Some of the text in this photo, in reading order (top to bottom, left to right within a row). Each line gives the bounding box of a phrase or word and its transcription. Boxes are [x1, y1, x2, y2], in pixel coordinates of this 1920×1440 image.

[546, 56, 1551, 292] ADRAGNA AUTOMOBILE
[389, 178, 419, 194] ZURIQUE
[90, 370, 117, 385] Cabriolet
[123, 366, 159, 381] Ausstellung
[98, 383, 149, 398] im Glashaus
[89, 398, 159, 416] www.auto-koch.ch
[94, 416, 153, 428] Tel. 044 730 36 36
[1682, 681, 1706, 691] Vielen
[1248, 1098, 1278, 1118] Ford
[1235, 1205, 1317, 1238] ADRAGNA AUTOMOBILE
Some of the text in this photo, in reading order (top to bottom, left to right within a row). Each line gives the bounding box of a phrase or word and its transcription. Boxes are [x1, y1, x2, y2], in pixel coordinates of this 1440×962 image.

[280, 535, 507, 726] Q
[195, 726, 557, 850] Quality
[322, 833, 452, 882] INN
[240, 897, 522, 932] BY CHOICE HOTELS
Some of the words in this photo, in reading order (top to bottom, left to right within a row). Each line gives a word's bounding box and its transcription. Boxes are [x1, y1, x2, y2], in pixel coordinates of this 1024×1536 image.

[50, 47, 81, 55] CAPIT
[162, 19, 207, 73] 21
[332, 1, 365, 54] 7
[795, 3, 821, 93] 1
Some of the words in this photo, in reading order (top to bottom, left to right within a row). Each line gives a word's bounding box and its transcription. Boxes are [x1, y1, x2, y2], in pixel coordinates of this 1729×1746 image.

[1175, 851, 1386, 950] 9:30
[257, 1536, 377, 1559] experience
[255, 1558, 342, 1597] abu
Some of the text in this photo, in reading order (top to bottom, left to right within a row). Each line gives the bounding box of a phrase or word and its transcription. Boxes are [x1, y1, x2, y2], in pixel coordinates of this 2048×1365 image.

▶ **Task statement**: Only the stretch of lines that begins with the one holding "this 1729×1746 image." and ends with the last line above belongs in the answer; please write it out exactly.

▶ **Task answer**:
Some of the words in this photo, in reading order (top to bottom, left to right within a row). Each line gives a word's bounding box and its transcription. Boxes are [x1, y1, x2, y2], in pixel coordinates of this 1729×1746 image.

[1175, 851, 1386, 950] 9:30
[257, 1536, 377, 1559] experience
[255, 1558, 342, 1597] abu
Some of the text in this photo, in reading order (top to bottom, left to right within a row). Each line gives the bounding box of a phrase or word and its transcription. Boxes are [x1, y1, x2, y2], in pixel coordinates of this 2048×1365 image.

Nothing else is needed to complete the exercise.